# Data for processing
--------------------------------

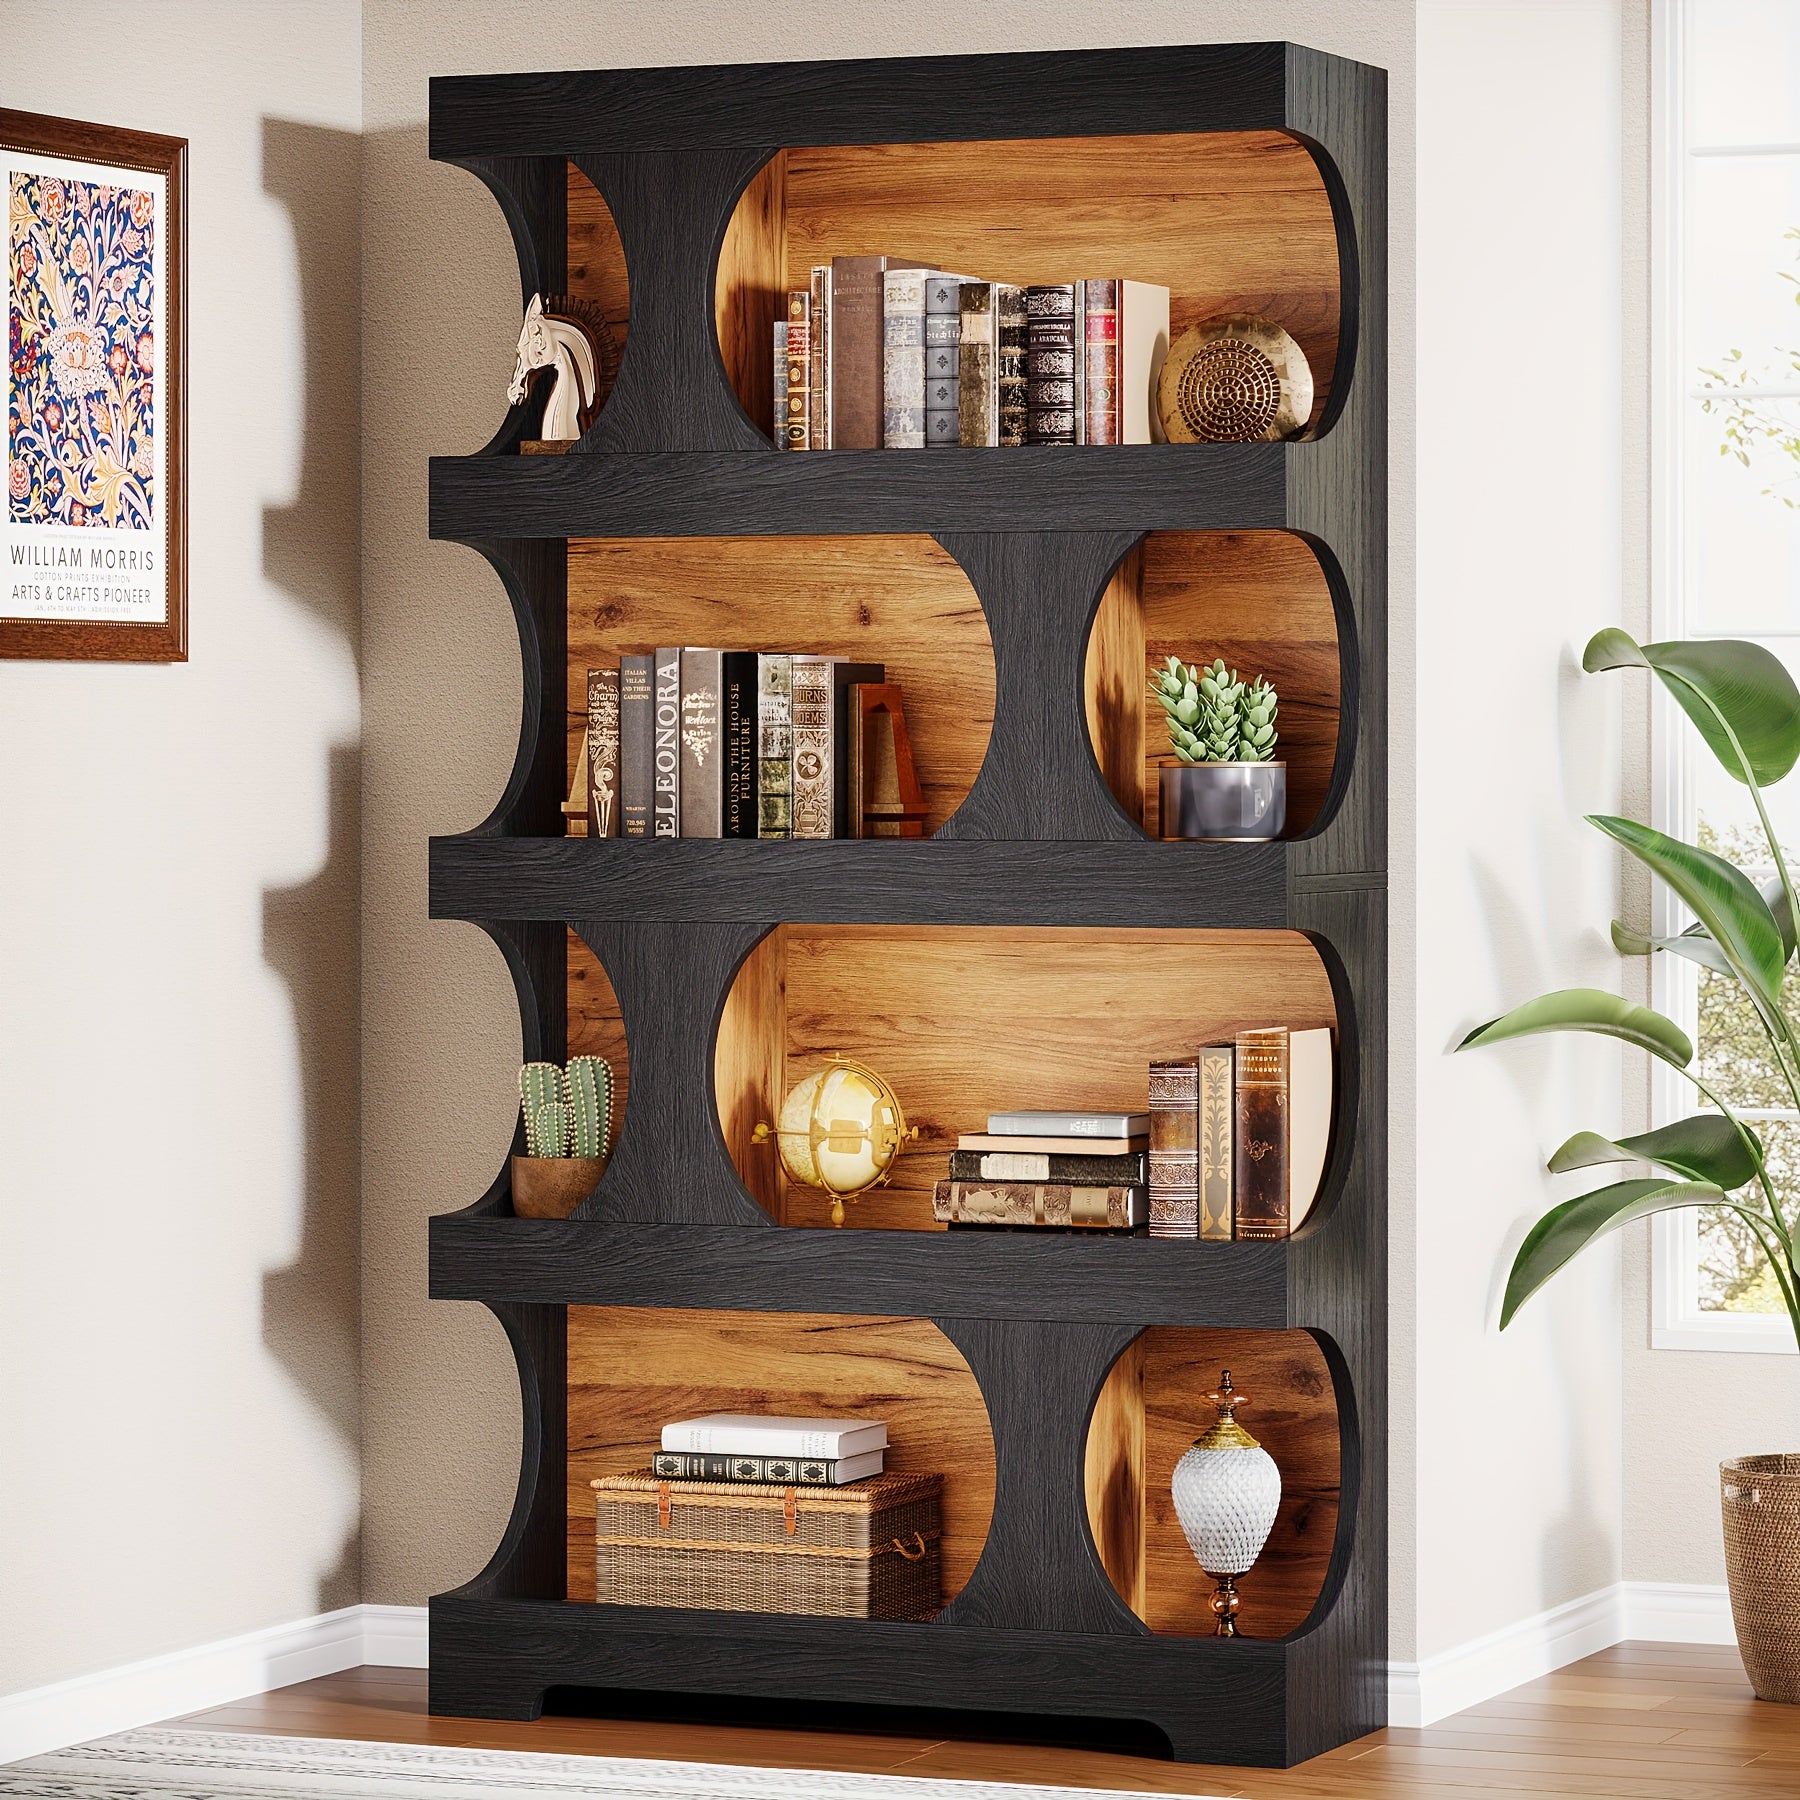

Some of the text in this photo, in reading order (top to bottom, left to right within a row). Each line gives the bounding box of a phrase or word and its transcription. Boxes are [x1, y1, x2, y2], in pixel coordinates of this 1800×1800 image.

[1039, 335, 1069, 343] ARAUCANA
[10, 544, 154, 571] WILLIAM MORRIS
[33, 571, 131, 584] COTTON PRINTS EXHIBITION
[12, 584, 151, 604] ARTS & CRAFTS PIONEER
[588, 690, 618, 701] Charm
[795, 690, 828, 703] BURNS
[655, 661, 679, 838] ELEONORA
[730, 683, 739, 833] AROUND THE HOUSE
[741, 717, 750, 799] FURNITURE

--------------------------------

# What you will do
The answer must be an exact copy of the records, with no images in it.

# Response to this task
Some of the text in this photo, in reading order (top to bottom, left to right within a row). Each line gives the bounding box of a phrase or word and its transcription. Boxes are [x1, y1, x2, y2], in pixel coordinates of this 1800×1800 image.

[1039, 335, 1069, 343] ARAUCANA
[10, 544, 154, 571] WILLIAM MORRIS
[33, 571, 131, 584] COTTON PRINTS EXHIBITION
[12, 584, 151, 604] ARTS & CRAFTS PIONEER
[588, 690, 618, 701] Charm
[795, 690, 828, 703] BURNS
[655, 661, 679, 838] ELEONORA
[730, 683, 739, 833] AROUND THE HOUSE
[741, 717, 750, 799] FURNITURE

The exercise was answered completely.